La Résurrection, M. Grünewald Matthias Grünewald: «La Résurrection». Retable d'Issenheim, premier volet droit extérieur. Huile sur bois, 1512-1515. Musée Unterlinden, Colmar. 
 
Cette théorie typiquement intellectualiste de la perception artistique contredit très directement l'expérience des amateurs les plus conformes à la définition légitime : l'acquisition insensible de la culture légitime au sein de la famille tend à favoriser une expérience enchantée de la culture qui implique l'oubli de l'acquisition. En réalité, le sentiment de la familiarité n'est nullement exclusif du malentendu ethnocentrique qu'entraîne l'application d'un code impropre : ainsi, par un travail d'ethnologie historique qui s'appuie à la fois sur les œuvres picturales elles-mêmes et sur les sources écrites touchant l'arithmétique, les pratiques et les représentations religieuses, l'historien de l'art anglais Michael Baxandall fait voir tout ce qui sépare les schèmes de perception que l'on tend aujourd'hui à appliquer aux peintures du Quattrocento et ceux que leur appliquaient leurs destinataires immédiats. L'« œil moral et spirituel » de l'homme du Quattrocento, c'est-à-dire l'ensemble des dispositions à la fois cognitives et évaluatives qui étaient au principe de sa perception de la représentation picturale du monde, se distingue radicalement du regard « pur » (et d'abord de toute référence à la valeur économique) que porte sur les œuvres le spectateur cultivé d'aujourd'hui : soucieux, comme le montrent les contrats, d'en avoir pour leur argent, les clients des Filippo Lippi, Domenico Ghirlandaio ou Piero della Francesca appliquent aux œuvres d'art les dispositions mercantiles de l'homme d'affaires rompu au calcul immédiat des quantités et des prix, recourant par exemple à des critères d'appréciation tout à fait surprenants, comme la cherté des couleurs – qui place l'or et le bleu d'outremer au sommet de la hiérarchie. Et les peintres, qui participent de cette vision du monde, sont portés à introduire dans la composition de leurs œuvres des recherches arithmétiques et géométriques propres à donner matière au goût de la mesure et du calcul, en même temps qu'ils tendent à faire étalage de la virtuosité technique qui est, dans ce contexte, l'attestation la plus visible de la quantité et de la qualité du travail fourni.

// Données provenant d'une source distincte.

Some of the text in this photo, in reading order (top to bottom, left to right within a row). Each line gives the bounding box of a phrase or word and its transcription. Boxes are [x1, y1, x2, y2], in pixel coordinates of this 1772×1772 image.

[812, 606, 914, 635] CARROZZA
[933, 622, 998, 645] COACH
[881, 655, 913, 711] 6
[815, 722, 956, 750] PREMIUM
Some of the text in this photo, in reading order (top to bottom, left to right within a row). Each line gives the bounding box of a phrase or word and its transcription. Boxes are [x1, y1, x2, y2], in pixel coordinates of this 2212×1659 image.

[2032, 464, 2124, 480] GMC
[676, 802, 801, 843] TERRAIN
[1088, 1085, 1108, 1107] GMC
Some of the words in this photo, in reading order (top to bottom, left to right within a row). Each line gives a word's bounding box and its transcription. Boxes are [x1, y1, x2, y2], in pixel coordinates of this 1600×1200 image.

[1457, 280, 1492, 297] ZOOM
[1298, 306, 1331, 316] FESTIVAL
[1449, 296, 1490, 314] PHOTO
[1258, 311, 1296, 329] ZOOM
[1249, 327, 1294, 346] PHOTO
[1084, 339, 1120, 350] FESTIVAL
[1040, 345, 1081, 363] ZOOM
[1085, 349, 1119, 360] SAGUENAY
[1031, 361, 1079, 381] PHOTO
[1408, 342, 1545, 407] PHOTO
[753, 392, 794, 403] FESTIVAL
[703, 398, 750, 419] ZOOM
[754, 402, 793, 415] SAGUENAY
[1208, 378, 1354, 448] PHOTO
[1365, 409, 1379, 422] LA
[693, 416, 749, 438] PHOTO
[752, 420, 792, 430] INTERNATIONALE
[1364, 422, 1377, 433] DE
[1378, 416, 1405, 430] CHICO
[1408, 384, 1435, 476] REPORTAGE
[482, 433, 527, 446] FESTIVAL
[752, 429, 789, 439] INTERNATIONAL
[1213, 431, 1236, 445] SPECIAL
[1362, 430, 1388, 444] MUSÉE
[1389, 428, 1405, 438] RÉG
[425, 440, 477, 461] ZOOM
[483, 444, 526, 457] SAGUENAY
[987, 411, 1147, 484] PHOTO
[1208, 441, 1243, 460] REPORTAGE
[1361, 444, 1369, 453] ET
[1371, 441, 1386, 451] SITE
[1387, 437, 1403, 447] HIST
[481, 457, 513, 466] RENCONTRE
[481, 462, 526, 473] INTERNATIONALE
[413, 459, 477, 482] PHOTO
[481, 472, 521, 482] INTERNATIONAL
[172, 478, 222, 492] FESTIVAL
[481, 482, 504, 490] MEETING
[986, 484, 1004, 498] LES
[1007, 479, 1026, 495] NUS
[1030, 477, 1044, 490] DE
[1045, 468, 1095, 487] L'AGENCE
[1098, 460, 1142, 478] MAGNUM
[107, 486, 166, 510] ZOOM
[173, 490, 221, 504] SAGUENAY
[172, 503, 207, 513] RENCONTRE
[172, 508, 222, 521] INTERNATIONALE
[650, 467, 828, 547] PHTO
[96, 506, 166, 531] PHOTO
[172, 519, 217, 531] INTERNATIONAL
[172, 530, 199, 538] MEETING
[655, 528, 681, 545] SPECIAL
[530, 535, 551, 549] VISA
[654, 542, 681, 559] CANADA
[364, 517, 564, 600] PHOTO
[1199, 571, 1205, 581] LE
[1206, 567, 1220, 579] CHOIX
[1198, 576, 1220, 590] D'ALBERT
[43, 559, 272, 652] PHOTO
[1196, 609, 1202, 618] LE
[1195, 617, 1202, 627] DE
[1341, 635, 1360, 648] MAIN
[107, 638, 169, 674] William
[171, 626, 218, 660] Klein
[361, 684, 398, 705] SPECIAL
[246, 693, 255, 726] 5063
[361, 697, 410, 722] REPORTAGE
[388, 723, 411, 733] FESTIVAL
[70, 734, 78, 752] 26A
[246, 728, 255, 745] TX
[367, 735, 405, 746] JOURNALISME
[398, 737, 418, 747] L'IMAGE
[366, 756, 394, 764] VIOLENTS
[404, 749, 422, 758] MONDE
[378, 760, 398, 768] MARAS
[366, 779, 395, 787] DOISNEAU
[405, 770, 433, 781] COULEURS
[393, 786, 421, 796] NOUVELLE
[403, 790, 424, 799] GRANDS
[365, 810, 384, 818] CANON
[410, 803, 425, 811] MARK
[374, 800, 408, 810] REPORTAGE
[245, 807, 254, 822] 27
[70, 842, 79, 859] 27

3.  La disposition esthétique comme institution historique

L'« œil » est un produit de l'histoire reproduit par l'éducation. Il en est ainsi du mode de perception artistique qui s'impose aujourd'hui comme légitime, c'est-à-dire la disposition esthétique comme capacité de considérer en elles-mêmes et pour elles-mêmes, dans leur forme et non dans leur fonction, non seulement les œuvres désignées pour une telle appréhension, c'est-à-dire les œuvres d'art légitimes, mais toutes les choses du monde, qu'il s'agisse des œuvres culturelles qui ne sont pas encore consacrées – comme, en un temps, les arts primitifs ou, aujourd'hui, la photographie populaire ou le kitsch – ou des objets naturels. Le regard « pur » est une invention historique qui est corrélative de l'apparition d'un champ de production artistique autonome, c'est-à-dire capable d'imposer ses propres normes tant dans la production que dans la consommation de ses produits. Un art qui, comme toute la peinture post-impressionniste par exemple, est le produit d'une intention artistique affirmant le primat du mode de représentation sur l'objet de la représentation, exige catégoriquement une attention exclusive à la forme que l'art antérieur n'exigeait que conditionnellement. L'ambition démiurgique de l'artiste, capable d'appliquer à un objet quelconque l'intention pure d'une recherche esthétique qui est à elle-même sa fin, appelle l'infinie disponibilité de l'esthète capable d'appréhender esthétiquement n'importe quel objet, produit ou non selon une intention esthétique.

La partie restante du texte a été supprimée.